ГАМЛЕТ. Но все это в порядке вещей. Возьмите тех, кто при жизни моего отца корчил рожи моему дяде, а теперь отваливает по двадцать, сорок, пятьдесят, а то и по сотне дукатов за портретики его величества короля Дании. Черт побери! Никакой философии не разобраться в подобной чертовщине.

(Трубы.)

ГИЛЬДЕНСТЕРН. Наверное, пожаловали актеры.

ГАМЛЕТ. Господа, я счастлив снова увидеться с вами. Еще раз жму ваши руки. Атрибуты гостеприимства – учтивость и ритуальные приветствия. Подчинимся правилам, и тогда при виде моей, отчасти показной, предупредительности к актерам, вы не скажете, что их я принимаю радушнее, чем вас. Итак, вы у меня в гостях. А мои родcтвеннички-родители в заблуждении.

ГИЛЬДЕНСТЕРН. Насчет чего, милорд?

ГАМЛЕТ. Я схожу с ума только при норд-норд-весте. Если дует с юга, я чую разницу между соколом и стервятником.

Входит ПОЛОНИЙ.

ПОЛОНИЙ. Приветствую вас, господа.

ГАМЛЕТ. Внимание, Розенкранц и Гильденстерн. Навострите уши. Перед вами великовозрастный младенец, который еще не вышел из пеленок.

РОЗЕНКРАНЦ. Или же снова в них очутился. Так сказать, впал в детство.

ГАМЛЕТ. Спорим, он нам поведает об актерах? – Я с вами согласен, сэр, это было в понедельник утром.

ПОЛОНИЙ. Милорд, я должен вам кое-что сообщить.

ГАМЛЕТ. Я тоже. Однажды Росций, римский актер…

ПОЛОНИЙ. Вот и я об этом: в замке актеры, ваше высочество.

ГАМЛЕТ. Жужжи, пчела.

ПОЛОНИЙ. Клянусь честью, милорд.

ГАМЛЕТ. Актера два и два осла.

ПОЛОНИЙ. Лучшая труппа в мире. В репертуаре: трагедии, комедии, хроники, идиллии, исторические пасторали, пасторальные трагедии, трагические истории, хроникально-пасторальные трагикомедии. Сенека у них лишен помпезности, Плавт – пошлости. Им нет равных ни в классических, ни в современных пьесах.

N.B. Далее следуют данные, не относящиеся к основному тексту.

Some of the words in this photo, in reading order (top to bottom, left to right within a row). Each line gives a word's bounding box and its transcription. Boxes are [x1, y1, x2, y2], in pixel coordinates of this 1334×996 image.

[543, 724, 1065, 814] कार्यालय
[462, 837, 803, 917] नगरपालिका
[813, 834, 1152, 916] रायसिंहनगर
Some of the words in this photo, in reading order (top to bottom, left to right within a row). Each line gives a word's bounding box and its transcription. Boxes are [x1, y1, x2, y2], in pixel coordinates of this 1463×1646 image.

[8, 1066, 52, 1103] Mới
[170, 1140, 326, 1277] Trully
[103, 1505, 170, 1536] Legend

ГАМЛЕТ. А теперь, Иеффай, судья израильский, признавайся, что за сокровище ты хранил?

ПОЛОНИЙ. Какое сокровище, милорд?

ГАМЛЕТ. А такое:

 
      «И дочь-красавицу свою
      Любил он больше жизни».
 

ПОЛОНИЙ (в сторону). Далась ему моя дочь!

ГАМЛЕТ. Чур, не увиливать, старый Иеффай!

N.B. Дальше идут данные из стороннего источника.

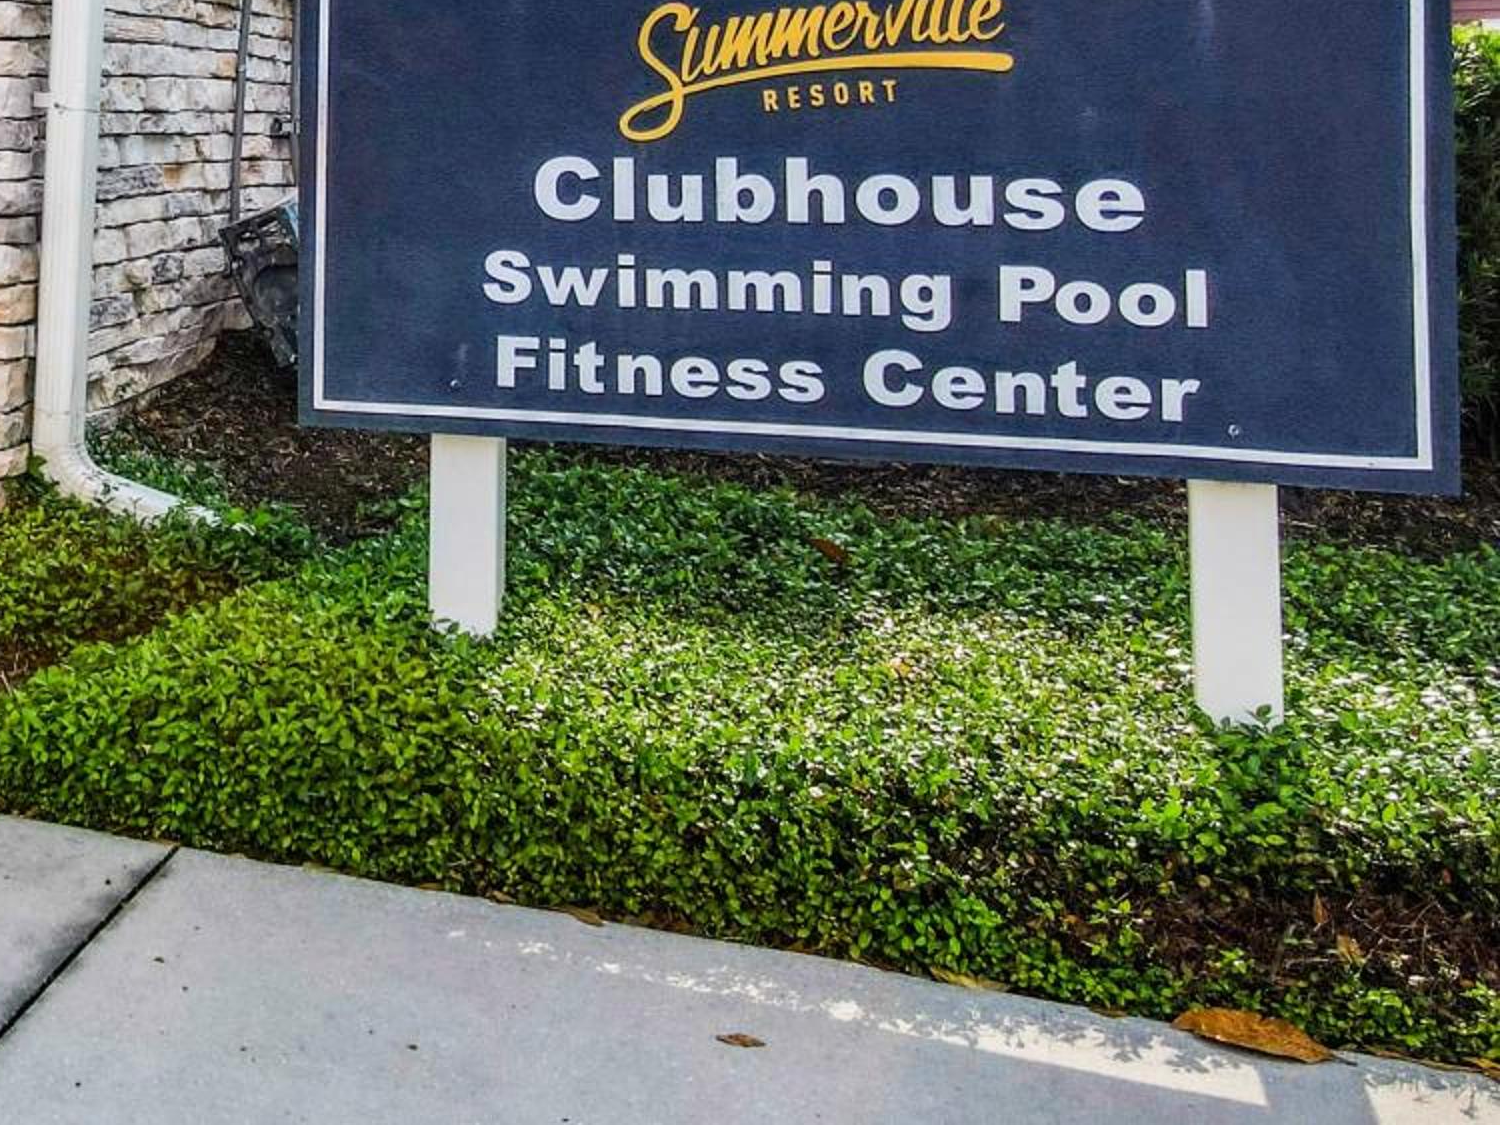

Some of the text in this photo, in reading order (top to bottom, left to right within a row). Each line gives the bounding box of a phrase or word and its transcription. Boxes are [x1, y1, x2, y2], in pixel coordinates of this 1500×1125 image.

[763, 80, 896, 111] RESORT
[534, 155, 1146, 232] Clubhouse
[482, 249, 1208, 332] Swimming Pool
[496, 334, 1201, 422] Fitness Center

ПОЛОНИЙ. Будь по-вашему: придется мне на старости лет стать Иеффаем – ведь у меня и впрямь есть любимица-дочь.

ГАМЛЕТ. Нет, по-нашему совсем не так.

ПОЛОНИЙ. А как, милорд?

ГАМЛЕТ. А вот как:

 
      «Но рок вершил, что Бог решил»,
 

остальное старо, как мир:

 
      «И как-то раз беда стряслась».
 

Начальные строки настолько исполнены благочестия, что не имеет смысла петь всю балладу до конца. Зато, если ее сократить, можно будет скоротать время с новоприбывшими.

Входят четверо или пятеро АКТЕРОВ

Здравствуйте, господа актеры, здравствуйте. Я счастлив снова встретиться с вами. Приветствую вас, гости дорогие. Здорово, старина! Сколько ж мы не виделись, если ты явился в Эльсинор дразнить меня зарослями, которыми покрыто твое лицо? Ага, наша юная леди тоже здесь! Пресвятая Дева! Девочку в мое отсутствие подкинуло к небу чуть ли не на каблук. Боже правый! Неужели ее невинный голосок дребезжит, как разбитая монета? – Еще раз здравствуйте, господа актеры. И вот что мы сделаем: подобно егерям-французам, гоняющим все, что под руку попадется, проверим с ходу ваши способности. Прочтите-ка нам монолог, желательно трагический.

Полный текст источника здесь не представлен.